A total of 20 acts are participating through the rest of the week, with others including Brett Kissel, Dean Brody, Gord Bamford, James Barker Band, and MacKenzie Porter.

COVID-19 in sports…

Some golf courses in British Columbia are open or about to open and Alberta golf clubs want to do the same despite the reluctance of provincial health officials to give the green light.

Winter loosening its grip on Alberta has the province’s golf industry lobbying to let courses open with protocols and restrictions in place to prevent the spread of COVID-19.

“We for sure realize golf is not the most important thing in the world, but we want to be part of the solution,” says Calgary’s Barry Ehlert, owner of six courses in the Windmill Golf Group.

“We do think there are other things coming down the pipe at us like mental health, economic drivers, the forty-two thousand jobs that golf represents.”

The Alberta chapter of National Allied Golf Associations said in a recent letter to its members that “NAGA Alberta will be working closely with the Alberta Government in seeking an exception like the courses in B.C.”
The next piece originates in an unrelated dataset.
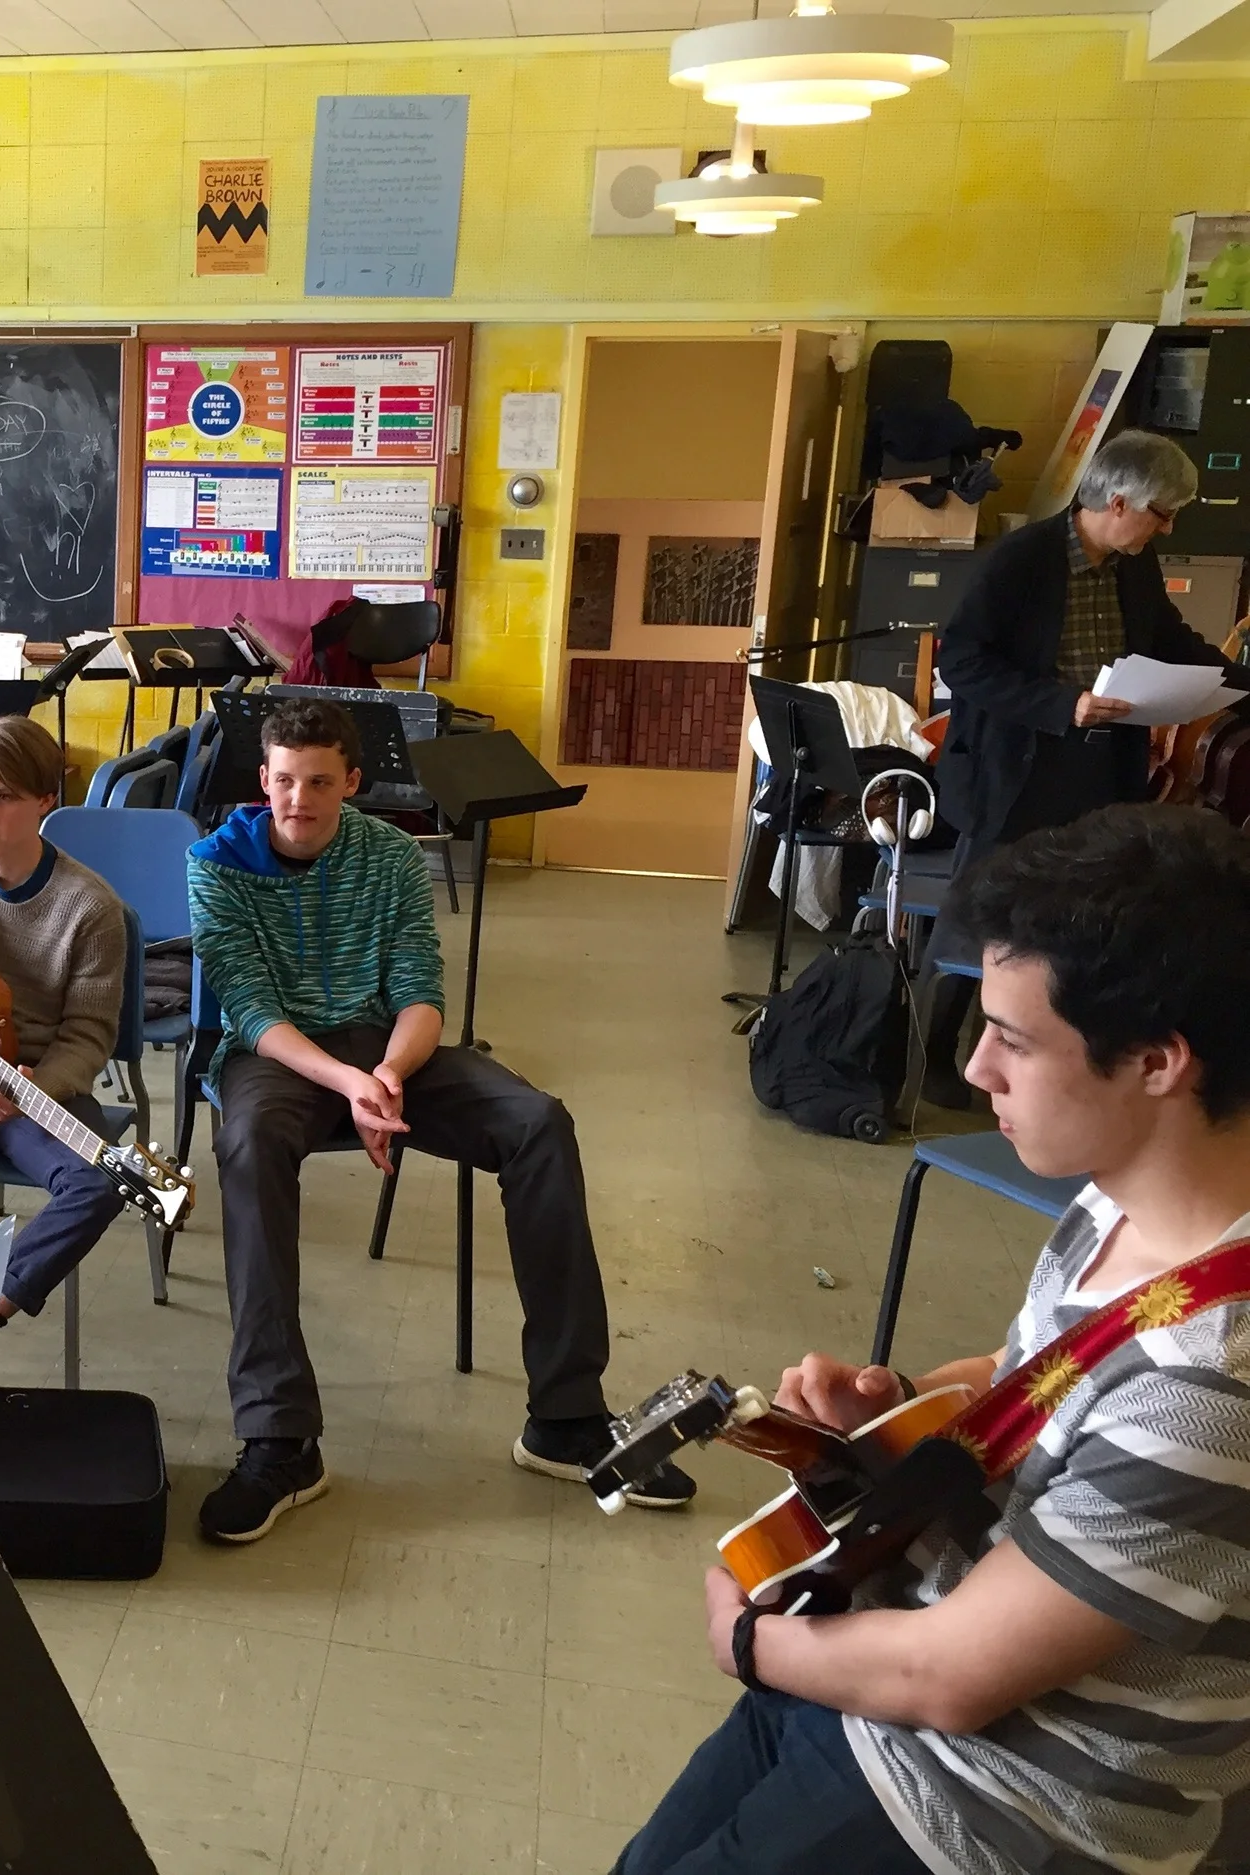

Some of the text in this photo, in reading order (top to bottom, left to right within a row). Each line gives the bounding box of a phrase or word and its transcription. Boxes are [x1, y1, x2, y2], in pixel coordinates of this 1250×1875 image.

[205, 173, 264, 188] CHARLIE
[205, 188, 263, 203] BROWN
[208, 394, 226, 402] THE
[147, 470, 191, 478] INTERVALS
An online petition on change.org calling for Alberta golf courses to be exempt.

Alberta’s chief medical officer of health wasn’t ready to give the all-clear to golf, however.

“I would say to golfers the same thing I would say to other Albertans, which is to trust we are looking very closely at our numbers, and that as we get to a point where we can think about easing restrictions, outdoor recreation is certainly on that list of things to be considered,” says Dr. Deena Hinshaw.

“But at this time, we’re not yet at that point yet where we can start easing off.”